» **PROVIDED RECORDS**
------------------------------------

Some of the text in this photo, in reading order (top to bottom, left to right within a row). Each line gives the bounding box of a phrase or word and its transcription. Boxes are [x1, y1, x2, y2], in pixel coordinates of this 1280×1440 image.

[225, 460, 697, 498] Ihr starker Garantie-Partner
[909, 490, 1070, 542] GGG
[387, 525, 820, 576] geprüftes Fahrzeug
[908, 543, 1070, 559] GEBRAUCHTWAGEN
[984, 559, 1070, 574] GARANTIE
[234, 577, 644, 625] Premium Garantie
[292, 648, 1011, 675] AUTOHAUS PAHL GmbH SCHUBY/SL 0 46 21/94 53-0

------------------------------------

» **PROBLEM**
Word for word, write out all of the entries.

» **ANSWER AREA**
Some of the text in this photo, in reading order (top to bottom, left to right within a row). Each line gives the bounding box of a phrase or word and its transcription. Boxes are [x1, y1, x2, y2], in pixel coordinates of this 1280×1440 image.

[225, 460, 697, 498] Ihr starker Garantie-Partner
[909, 490, 1070, 542] GGG
[387, 525, 820, 576] geprüftes Fahrzeug
[908, 543, 1070, 559] GEBRAUCHTWAGEN
[984, 559, 1070, 574] GARANTIE
[234, 577, 644, 625] Premium Garantie
[292, 648, 1011, 675] AUTOHAUS PAHL GmbH SCHUBY/SL 0 46 21/94 53-0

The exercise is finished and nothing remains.